#### Material provided ####

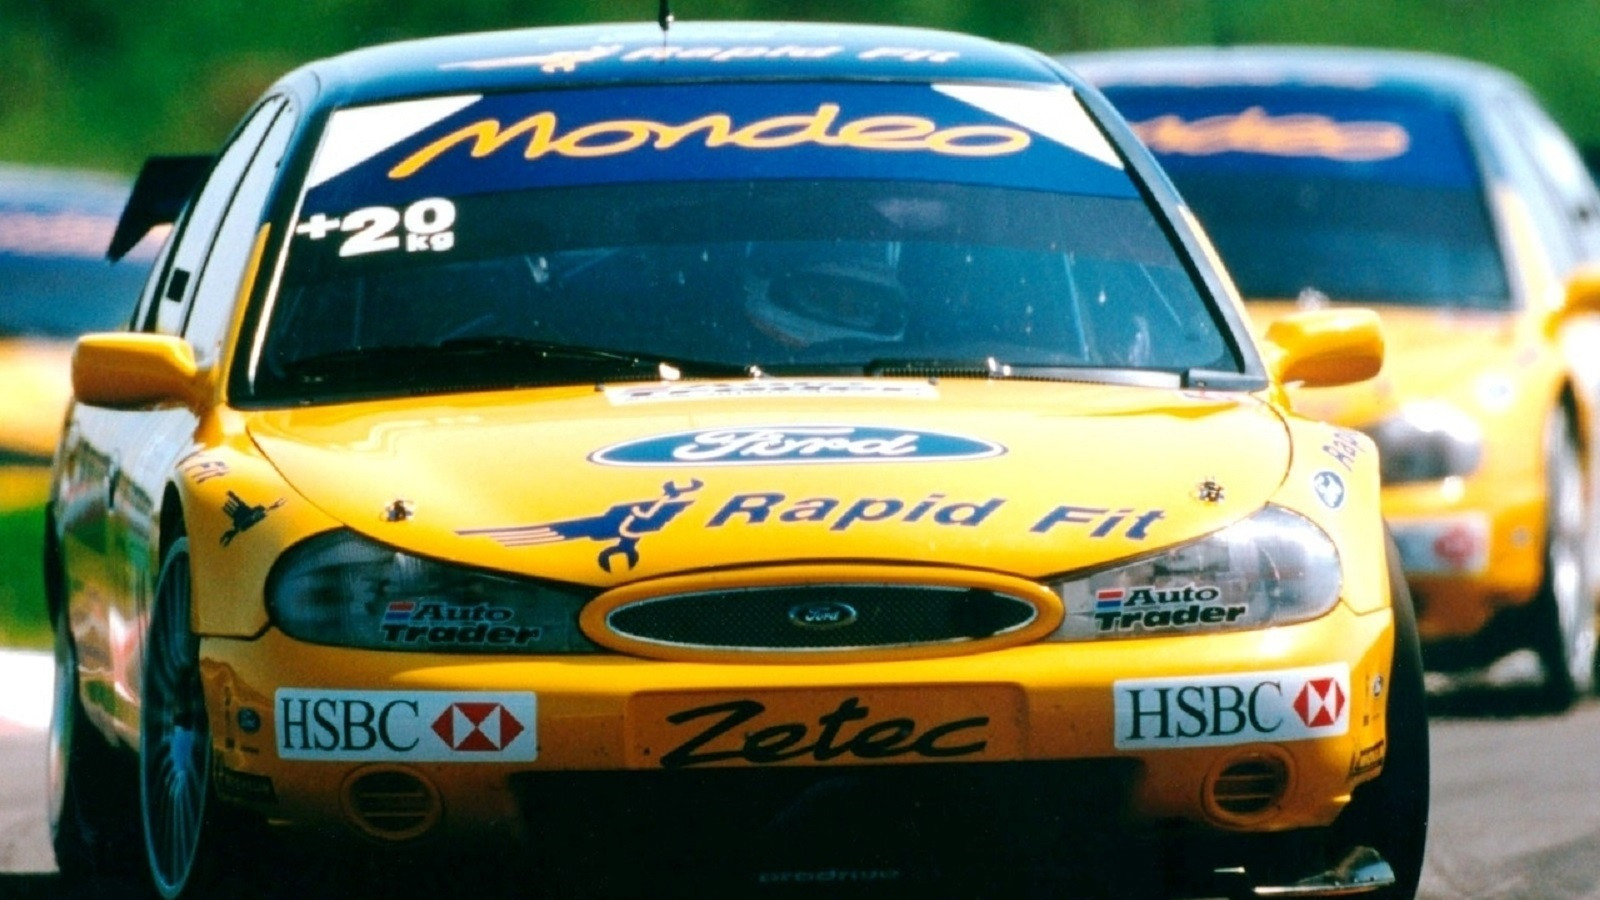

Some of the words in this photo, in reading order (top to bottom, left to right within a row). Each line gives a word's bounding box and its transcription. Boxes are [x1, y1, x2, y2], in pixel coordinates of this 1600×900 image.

[388, 103, 1031, 179] Mondeo
[405, 231, 455, 252] kg
[673, 427, 919, 461] Ford
[705, 491, 1006, 531] Rapid
[1029, 505, 1166, 540] Fit
[412, 601, 515, 622] Auto
[1123, 585, 1220, 607] Auto
[381, 613, 541, 645] Trader
[1094, 604, 1247, 632] Trader
[280, 696, 420, 753] HSBC
[1124, 680, 1283, 742] HSBC
[659, 697, 990, 769] Zetec
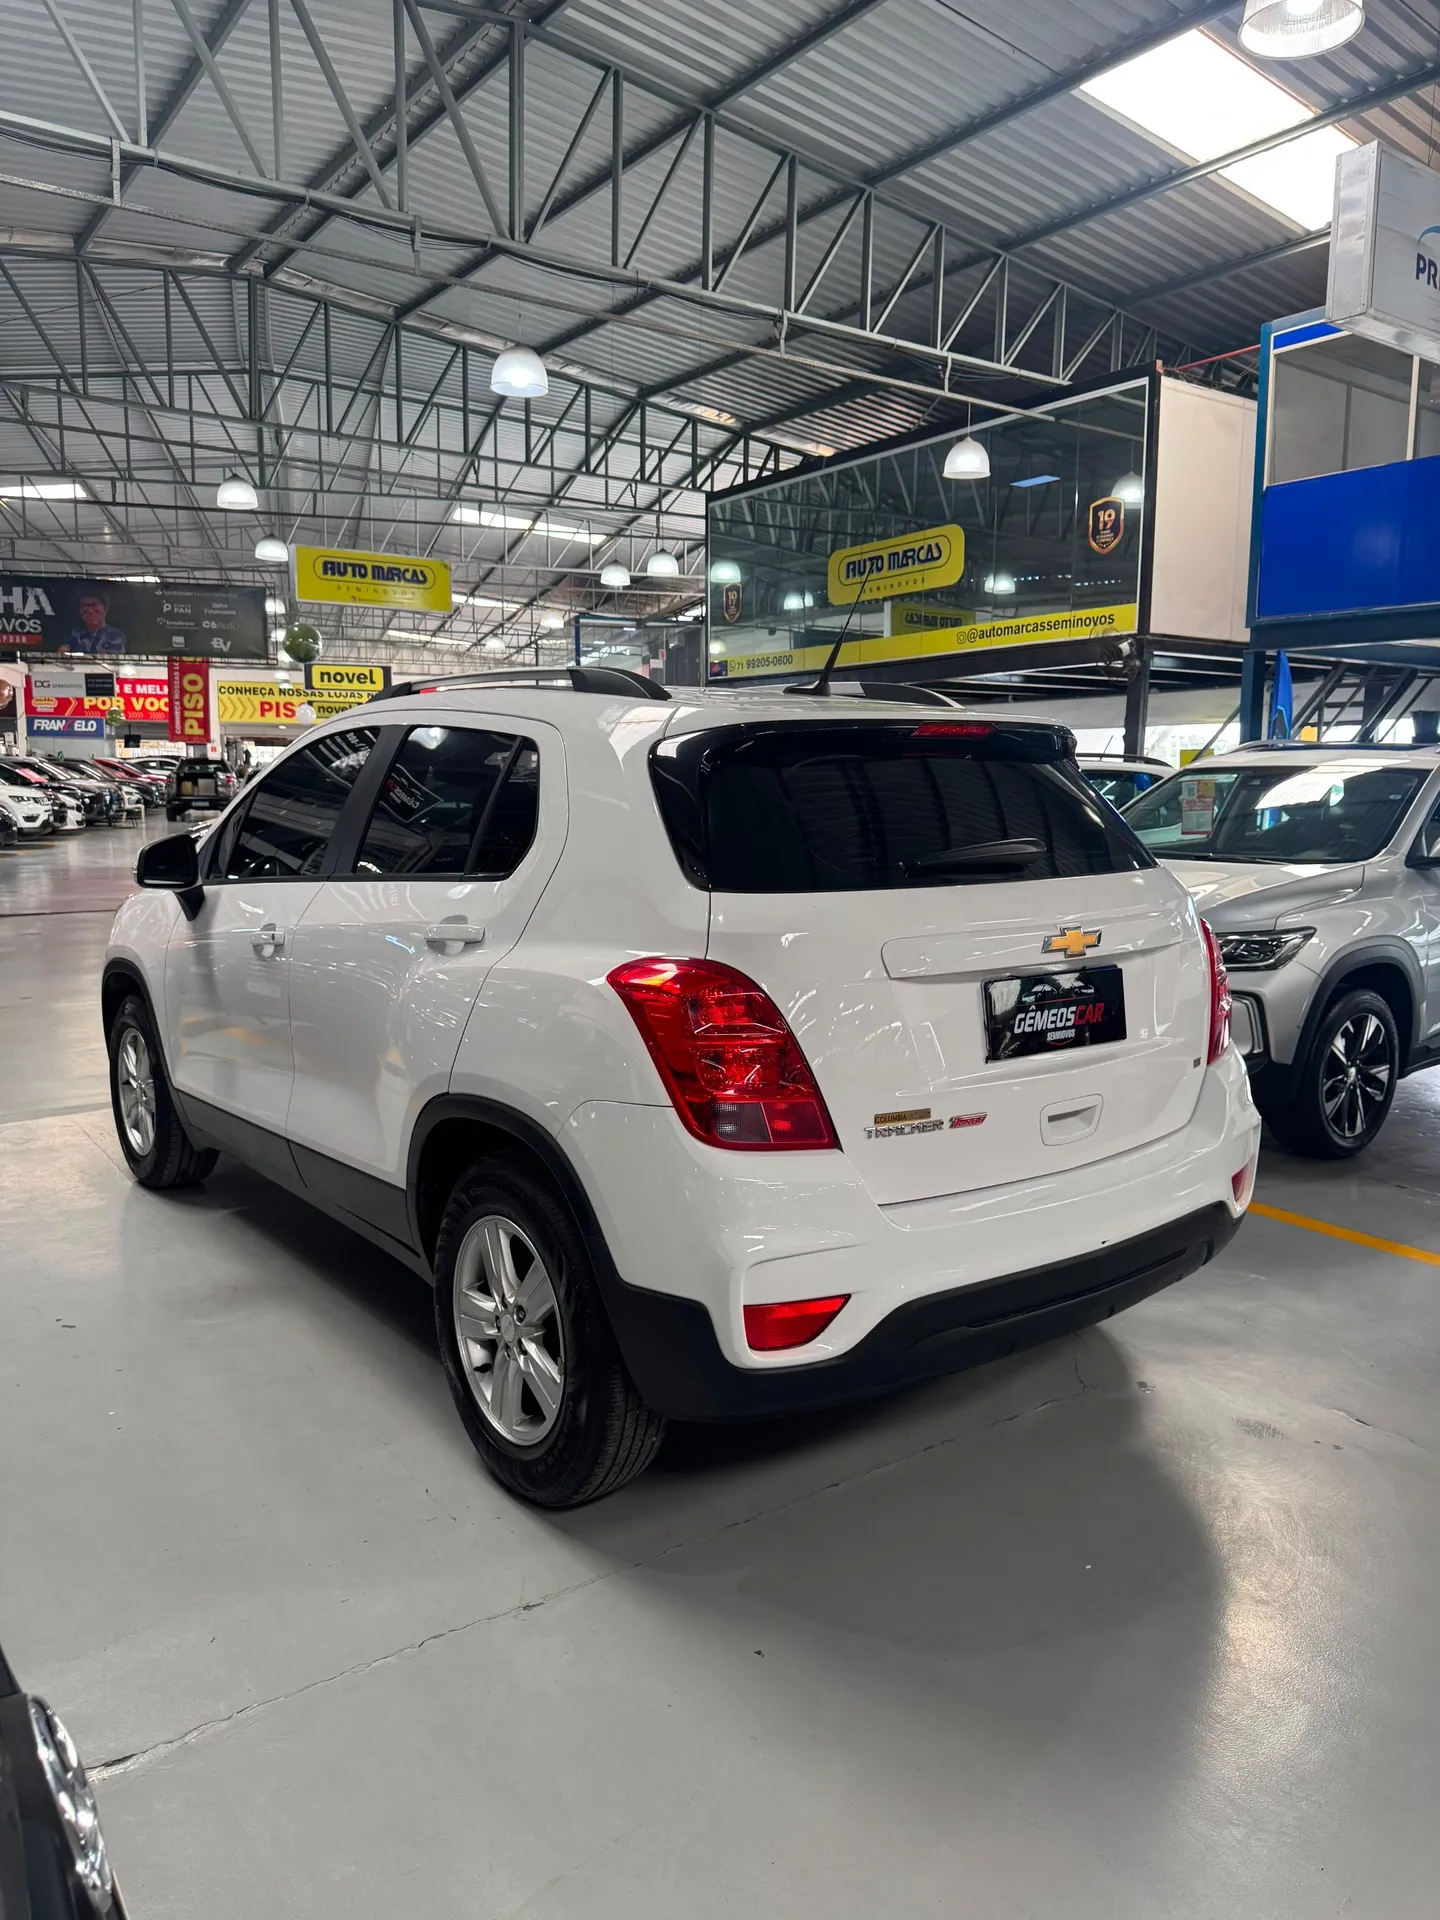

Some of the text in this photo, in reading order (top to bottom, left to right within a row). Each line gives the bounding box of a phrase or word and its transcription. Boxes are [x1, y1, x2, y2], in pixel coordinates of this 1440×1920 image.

[1416, 252, 1440, 290] PR
[1097, 508, 1116, 530] 19
[845, 542, 942, 580] AUTO MARCAS
[322, 560, 428, 585] AUTO MARCAS
[336, 584, 417, 597] SEMINOVOS
[862, 577, 925, 594] SEMINOVOS
[0, 617, 42, 633] VOS
[967, 613, 1115, 643] @automarcasseminovos
[736, 662, 744, 670] 71
[746, 654, 793, 669] 99205-0600
[34, 680, 50, 689] DG
[320, 669, 376, 685] novel
[219, 685, 275, 699] CONHEÇA
[279, 687, 324, 698] NOSSAS
[183, 673, 204, 735] PISO
[260, 701, 305, 719] PIS
[1047, 1029, 1076, 1041] SEMINOVOS
[864, 1118, 945, 1140] TRACKER
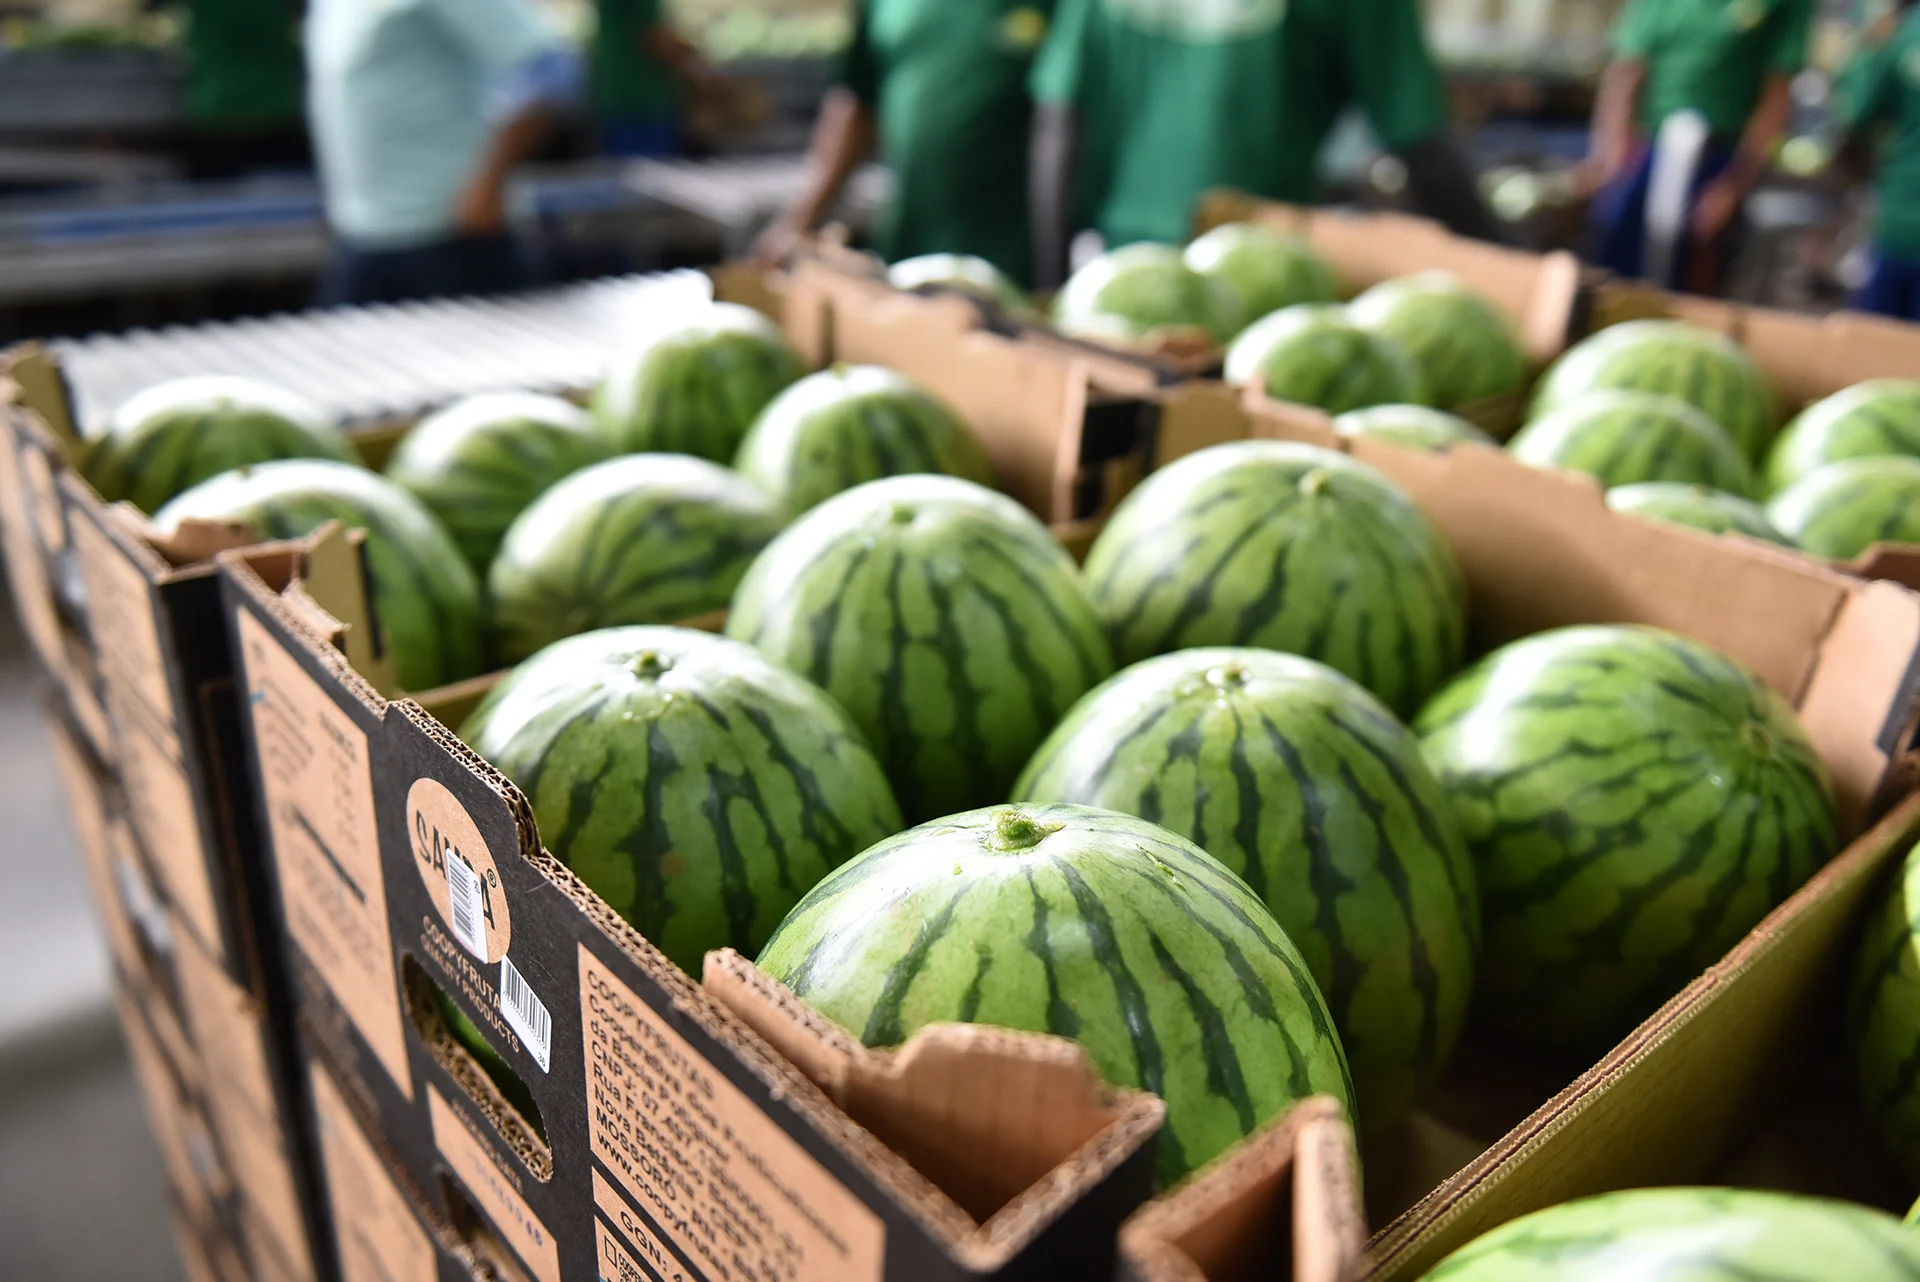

####

**Exercise directions**
Omit the pictures, then give every record back exactly as it stands.

**Expected answer**
Some of the words in this photo, in reading order (top to bottom, left to right within a row). Each line gives a word's bounding box and its transcription. Boxes are [x1, y1, x2, y2], in pixel coordinates of this 1600×900 image.

[388, 103, 1031, 179] Mondeo
[405, 231, 455, 252] kg
[673, 427, 919, 461] Ford
[705, 491, 1006, 531] Rapid
[1029, 505, 1166, 540] Fit
[412, 601, 515, 622] Auto
[1123, 585, 1220, 607] Auto
[381, 613, 541, 645] Trader
[1094, 604, 1247, 632] Trader
[280, 696, 420, 753] HSBC
[1124, 680, 1283, 742] HSBC
[659, 697, 990, 769] Zetec

Some of the text in this photo, in reading order (top to bottom, left to right within a row). Each line gives the bounding box of a phrase or word and its transcription. Boxes are [x1, y1, x2, y2], in pixel coordinates of this 1440×1920 image.

[1416, 252, 1440, 290] PR
[1097, 508, 1116, 530] 19
[845, 542, 942, 580] AUTO MARCAS
[322, 560, 428, 585] AUTO MARCAS
[336, 584, 417, 597] SEMINOVOS
[862, 577, 925, 594] SEMINOVOS
[0, 617, 42, 633] VOS
[967, 613, 1115, 643] @automarcasseminovos
[736, 662, 744, 670] 71
[746, 654, 793, 669] 99205-0600
[34, 680, 50, 689] DG
[320, 669, 376, 685] novel
[219, 685, 275, 699] CONHEÇA
[279, 687, 324, 698] NOSSAS
[183, 673, 204, 735] PISO
[260, 701, 305, 719] PIS
[1047, 1029, 1076, 1041] SEMINOVOS
[864, 1118, 945, 1140] TRACKER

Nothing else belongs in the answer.